管理職や教員の方々を困らせるのも問題だと思いますが、何よりも、重大で深刻なのは、その学校に通う児童生徒や保護者への支援が途切れてしまうことではないでしょうか。
都教委がどのような基準に基づいて採用を行ったのかはわかりません。ですが、
子供が、
保護者が、
教員が求めるSCを
学校から奪うのは、
いったい誰のため、何のためなのでしょうか。
このような、不透明で理不尽ともいえる選考を行う使用者の下で働きながら、子供や保護者、教員の相談を受けることはかなりストレスフルな状況だと思います。
自分自身の安全安心が脅かされているのに、悩みや不安を丁寧に聴いて、できるだけ安心してもらえる存在であろうとすることの苦しさ。

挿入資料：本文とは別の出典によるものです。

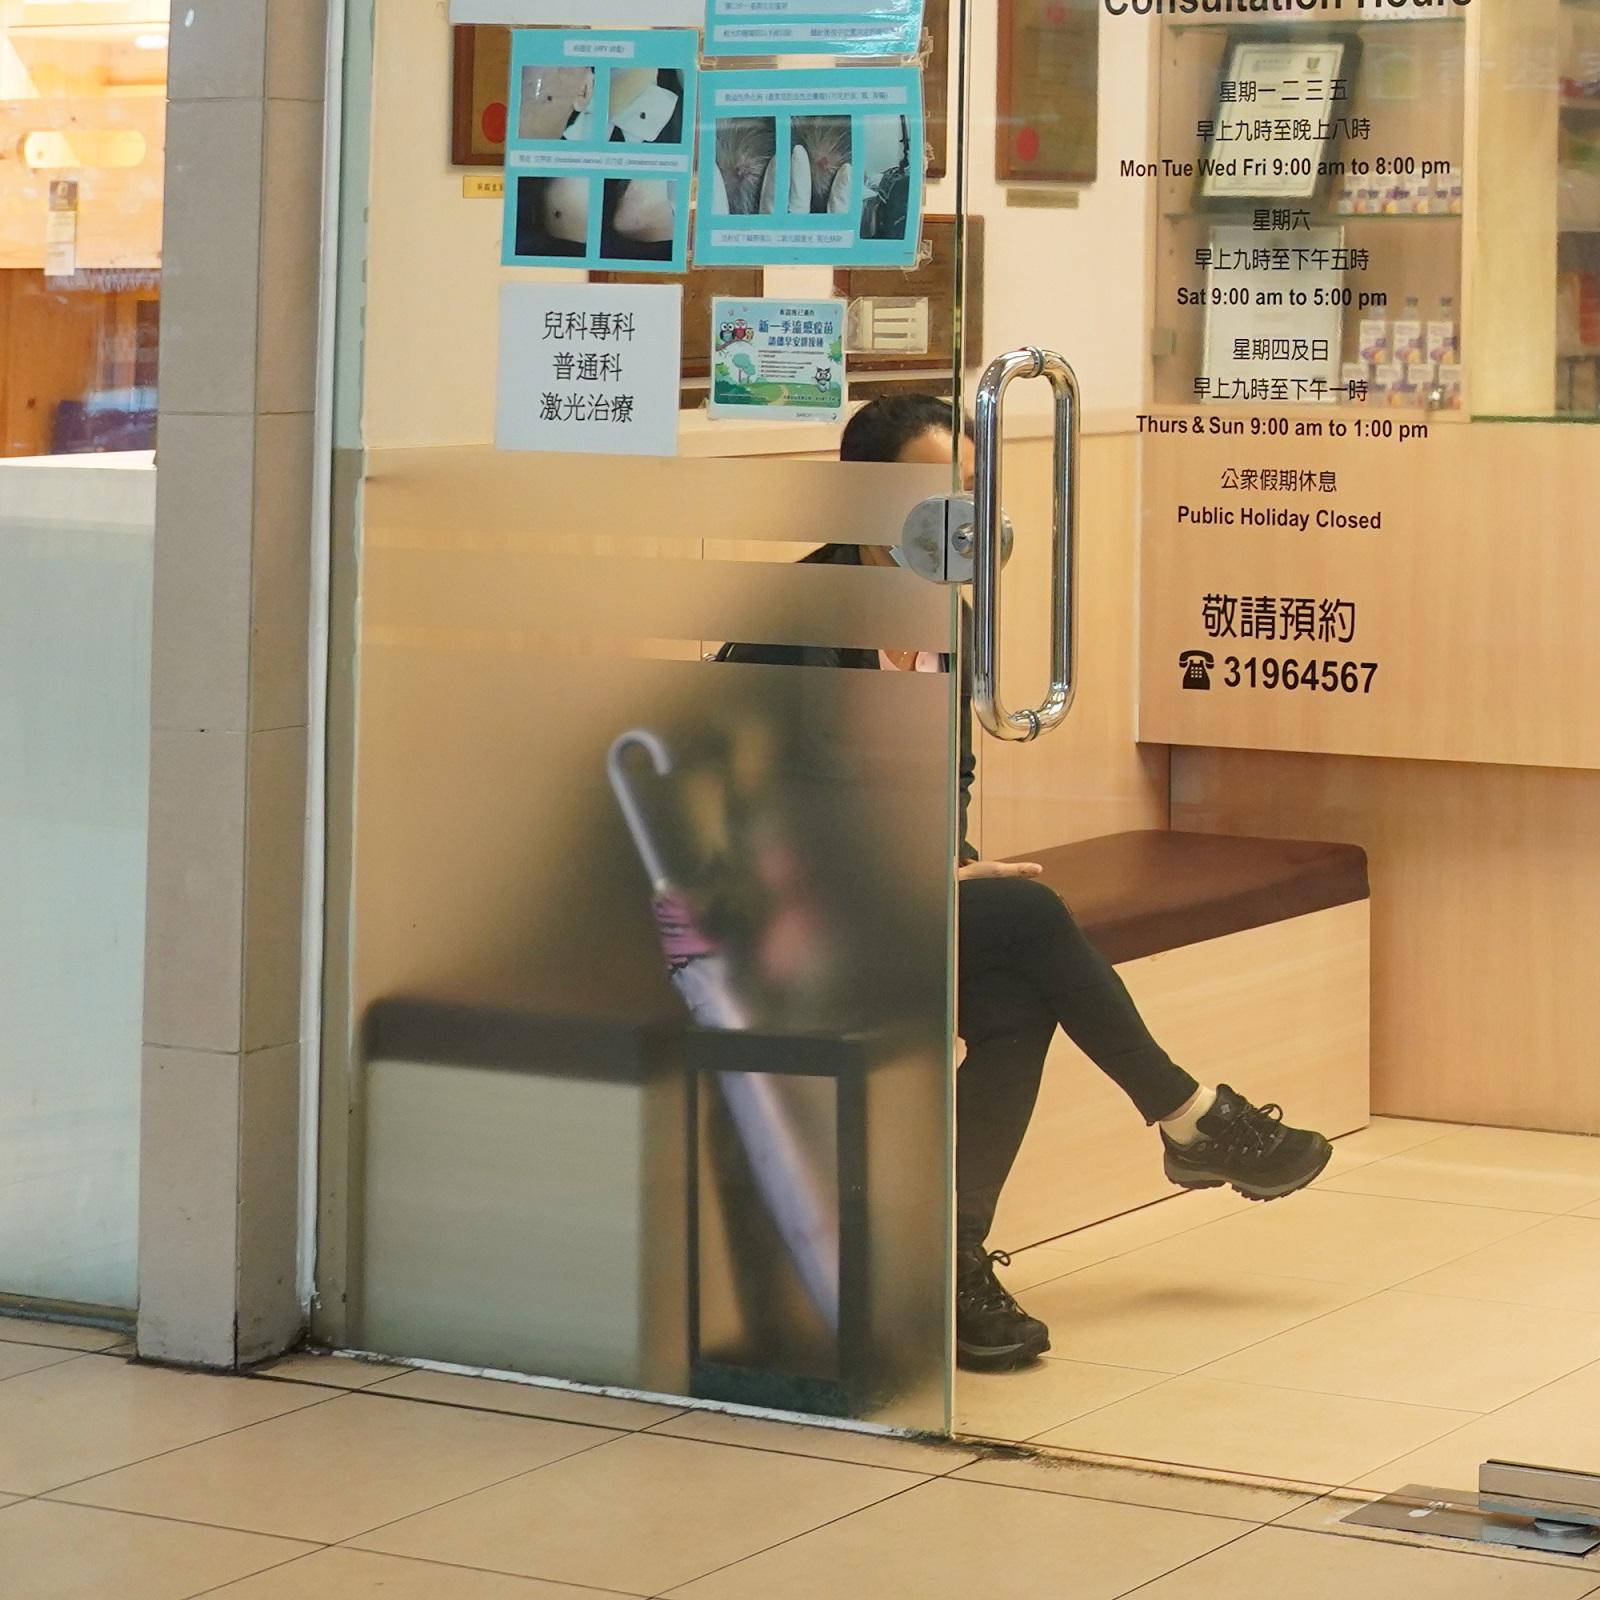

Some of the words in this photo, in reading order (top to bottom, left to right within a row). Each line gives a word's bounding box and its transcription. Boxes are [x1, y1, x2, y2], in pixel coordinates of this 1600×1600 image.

[1196, 118, 1371, 142] 早上九時至晚上八時
[1120, 159, 1157, 177] Mon
[1162, 159, 1193, 176] Tue
[1198, 158, 1236, 176] Wed
[1243, 158, 1267, 176] Fri
[1272, 157, 1311, 176] 9:00
[1317, 161, 1345, 175] am
[1351, 158, 1370, 175] to
[1375, 157, 1416, 175] 8:00
[1421, 161, 1451, 180] pm
[1252, 209, 1311, 231] 星期六
[1195, 248, 1369, 271] 早上九時至下午五時
[1177, 287, 1207, 305] Sat
[1211, 287, 1250, 306] 9:00
[1255, 291, 1284, 306] am
[1289, 288, 1308, 306] to
[1313, 287, 1353, 306] 5:00
[1358, 292, 1388, 310] pm
[544, 311, 635, 341] 兒科專科
[758, 320, 833, 335] 新一季流感疫苗
[1232, 338, 1329, 362] 星期四及日
[552, 352, 622, 382] 普通科
[1193, 377, 1368, 401] 早上九時至下午一時
[539, 392, 634, 424] 激光治療
[1136, 415, 1188, 434] Thurs
[1192, 417, 1205, 434] &
[1209, 417, 1245, 435] Sun
[1250, 418, 1289, 436] 9:00
[1294, 422, 1323, 437] am
[1329, 419, 1347, 437] to
[1353, 419, 1393, 438] 1:00
[1399, 423, 1429, 442] pm
[1177, 505, 1235, 526] Public
[1240, 507, 1310, 531] Holiday
[1316, 509, 1382, 530] Closed
[1202, 593, 1356, 643] 敬請預約
[1224, 657, 1379, 694] 31964567

それを私たちは「仕事があるだけありがたいんだ。だから自分の身のことなど考えてはいけないんだ」と受け入れるしかないのでしょうか。
「誰一人取り残さず、すべての子供が将来への希望を持って、自ら伸び、育つ教育」
東京都教育委員会は東京都の目指す教育としてこのような文言を揚げています。
「誰一人取り残さず、すべての子供が将来への希望を持って」と謳いながら、教育に携わる非正規の職員から仕事を奪い、生活の基盤や職業への誇り、尊厳を踏みにじっても良いのでしょうか。

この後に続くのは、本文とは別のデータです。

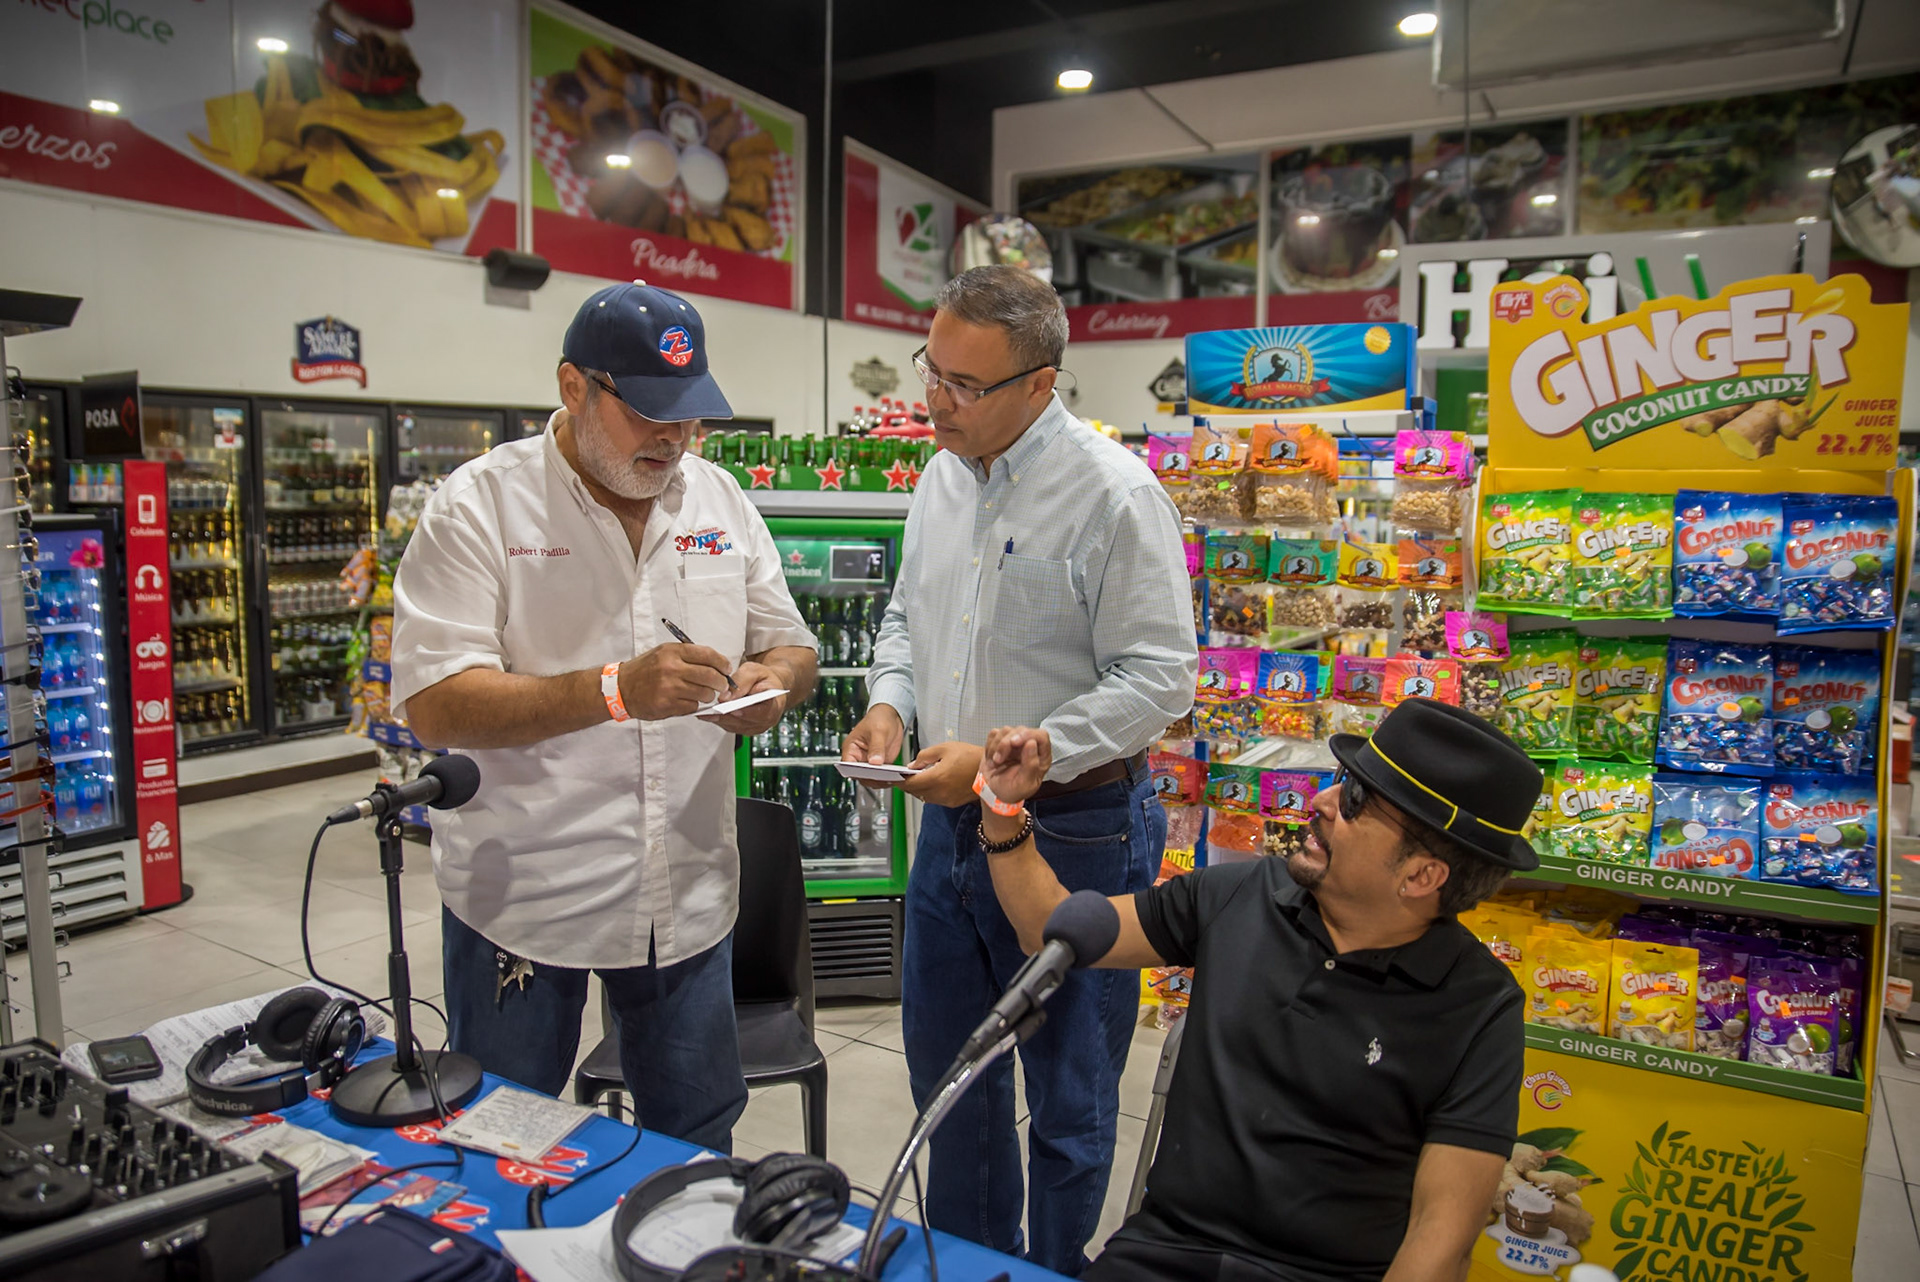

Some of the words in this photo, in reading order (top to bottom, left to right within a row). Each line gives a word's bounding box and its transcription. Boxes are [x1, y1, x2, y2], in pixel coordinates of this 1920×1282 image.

美しい目標を揚げたところで、その子どもたちが大人になって、例えば都の公立学校でスクールカウンセラーになりたいと希望を抱いたとして、そこには、正規と非正規職員の待遇格差が存在し、専門職が専門性を発揮しにくい雇用不安を感じており、実際に、その不安が現実になり、ある時、突然職を失うことがあることを知ったら・・・
希望が絶望に変わってしまうかもしれません。
私たちユニオンは、現在心理職に従事している方々のためだけでなく、この先、心理の仕事に就きたい、心理の専門家として社会に貢献して生きていきたいと願う子どもたちや、学生の方々のためにも、今回の都教委の雇止め事案を問題視し、団体交渉などを通して改善を求めていきます。

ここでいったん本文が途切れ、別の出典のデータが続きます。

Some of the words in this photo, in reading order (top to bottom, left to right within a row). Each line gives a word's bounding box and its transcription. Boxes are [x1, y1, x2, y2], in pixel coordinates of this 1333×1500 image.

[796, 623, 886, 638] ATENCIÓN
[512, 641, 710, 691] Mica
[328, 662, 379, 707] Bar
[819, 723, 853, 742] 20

その一環として2月2日、オンライン記者会見を行います。
現場の心理職もその場に出席し、発言します。
私たちユニオンの活動は、始まってから現在にいたるまで試行錯誤、暗中模索しながら続いています。
心理職にありがちですが、私たちユニオンのメンバーも、決して人前では話をするのが得意だったり、好きなタイプの人間ではありません。
ですので、うまくできるか分からないのですが、あたたかく見守っていただけたらと存じます。
*今回のオンライン会見は報道関係者様向けになっております。誰でもアクセスできるようなライブでの配信は行いません。会見の内容はメディアなどの報道にてご確認くださいますようお願い申し上げます。